■ **Collected data**
↓
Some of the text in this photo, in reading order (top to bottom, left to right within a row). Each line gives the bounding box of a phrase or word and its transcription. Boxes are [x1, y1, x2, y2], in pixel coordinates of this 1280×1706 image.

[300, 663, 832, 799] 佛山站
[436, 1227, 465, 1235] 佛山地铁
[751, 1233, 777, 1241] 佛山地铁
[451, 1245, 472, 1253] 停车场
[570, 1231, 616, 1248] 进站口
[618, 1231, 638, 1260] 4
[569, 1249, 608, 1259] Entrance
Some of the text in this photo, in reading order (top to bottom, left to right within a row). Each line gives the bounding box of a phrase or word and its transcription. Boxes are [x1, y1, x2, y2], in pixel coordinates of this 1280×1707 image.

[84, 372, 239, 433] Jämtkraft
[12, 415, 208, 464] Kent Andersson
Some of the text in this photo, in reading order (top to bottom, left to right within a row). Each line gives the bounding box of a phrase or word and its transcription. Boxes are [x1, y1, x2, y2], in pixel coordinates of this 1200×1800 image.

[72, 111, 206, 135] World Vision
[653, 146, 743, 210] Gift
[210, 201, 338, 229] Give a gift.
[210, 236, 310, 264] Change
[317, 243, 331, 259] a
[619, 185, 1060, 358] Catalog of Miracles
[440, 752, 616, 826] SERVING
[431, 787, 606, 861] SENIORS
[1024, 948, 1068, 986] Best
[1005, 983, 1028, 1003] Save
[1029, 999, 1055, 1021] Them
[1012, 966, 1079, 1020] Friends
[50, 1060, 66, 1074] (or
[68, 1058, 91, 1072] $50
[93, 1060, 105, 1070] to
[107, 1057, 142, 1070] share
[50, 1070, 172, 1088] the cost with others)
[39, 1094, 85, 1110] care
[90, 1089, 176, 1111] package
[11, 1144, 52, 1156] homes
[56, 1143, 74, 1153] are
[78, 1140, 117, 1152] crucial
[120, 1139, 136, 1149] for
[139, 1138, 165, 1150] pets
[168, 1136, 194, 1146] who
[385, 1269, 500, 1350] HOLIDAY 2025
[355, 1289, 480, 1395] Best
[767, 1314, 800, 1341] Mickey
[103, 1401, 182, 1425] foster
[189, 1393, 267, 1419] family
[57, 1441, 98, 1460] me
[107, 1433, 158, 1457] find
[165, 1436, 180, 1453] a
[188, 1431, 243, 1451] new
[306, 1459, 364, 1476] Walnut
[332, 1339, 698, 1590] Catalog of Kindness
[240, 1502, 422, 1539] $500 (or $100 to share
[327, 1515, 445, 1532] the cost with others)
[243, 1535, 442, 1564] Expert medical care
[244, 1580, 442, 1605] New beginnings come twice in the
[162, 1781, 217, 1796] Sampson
↑
■ **THE PROBLEM**
An exact reproduction of all the entries above is required.

■ **ANSWER AREA**
Some of the text in this photo, in reading order (top to bottom, left to right within a row). Each line gives the bounding box of a phrase or word and its transcription. Boxes are [x1, y1, x2, y2], in pixel coordinates of this 1280×1706 image.

[300, 663, 832, 799] 佛山站
[436, 1227, 465, 1235] 佛山地铁
[751, 1233, 777, 1241] 佛山地铁
[451, 1245, 472, 1253] 停车场
[570, 1231, 616, 1248] 进站口
[618, 1231, 638, 1260] 4
[569, 1249, 608, 1259] Entrance
Some of the text in this photo, in reading order (top to bottom, left to right within a row). Each line gives the bounding box of a phrase or word and its transcription. Boxes are [x1, y1, x2, y2], in pixel coordinates of this 1280×1707 image.

[84, 372, 239, 433] Jämtkraft
[12, 415, 208, 464] Kent Andersson
Some of the text in this photo, in reading order (top to bottom, left to right within a row). Each line gives the bounding box of a phrase or word and its transcription. Boxes are [x1, y1, x2, y2], in pixel coordinates of this 1200×1800 image.

[72, 111, 206, 135] World Vision
[653, 146, 743, 210] Gift
[210, 201, 338, 229] Give a gift.
[210, 236, 310, 264] Change
[317, 243, 331, 259] a
[619, 185, 1060, 358] Catalog of Miracles
[440, 752, 616, 826] SERVING
[431, 787, 606, 861] SENIORS
[1024, 948, 1068, 986] Best
[1005, 983, 1028, 1003] Save
[1029, 999, 1055, 1021] Them
[1012, 966, 1079, 1020] Friends
[50, 1060, 66, 1074] (or
[68, 1058, 91, 1072] $50
[93, 1060, 105, 1070] to
[107, 1057, 142, 1070] share
[50, 1070, 172, 1088] the cost with others)
[39, 1094, 85, 1110] care
[90, 1089, 176, 1111] package
[11, 1144, 52, 1156] homes
[56, 1143, 74, 1153] are
[78, 1140, 117, 1152] crucial
[120, 1139, 136, 1149] for
[139, 1138, 165, 1150] pets
[168, 1136, 194, 1146] who
[385, 1269, 500, 1350] HOLIDAY 2025
[355, 1289, 480, 1395] Best
[767, 1314, 800, 1341] Mickey
[103, 1401, 182, 1425] foster
[189, 1393, 267, 1419] family
[57, 1441, 98, 1460] me
[107, 1433, 158, 1457] find
[165, 1436, 180, 1453] a
[188, 1431, 243, 1451] new
[306, 1459, 364, 1476] Walnut
[332, 1339, 698, 1590] Catalog of Kindness
[240, 1502, 422, 1539] $500 (or $100 to share
[327, 1515, 445, 1532] the cost with others)
[243, 1535, 442, 1564] Expert medical care
[244, 1580, 442, 1605] New beginnings come twice in the
[162, 1781, 217, 1796] Sampson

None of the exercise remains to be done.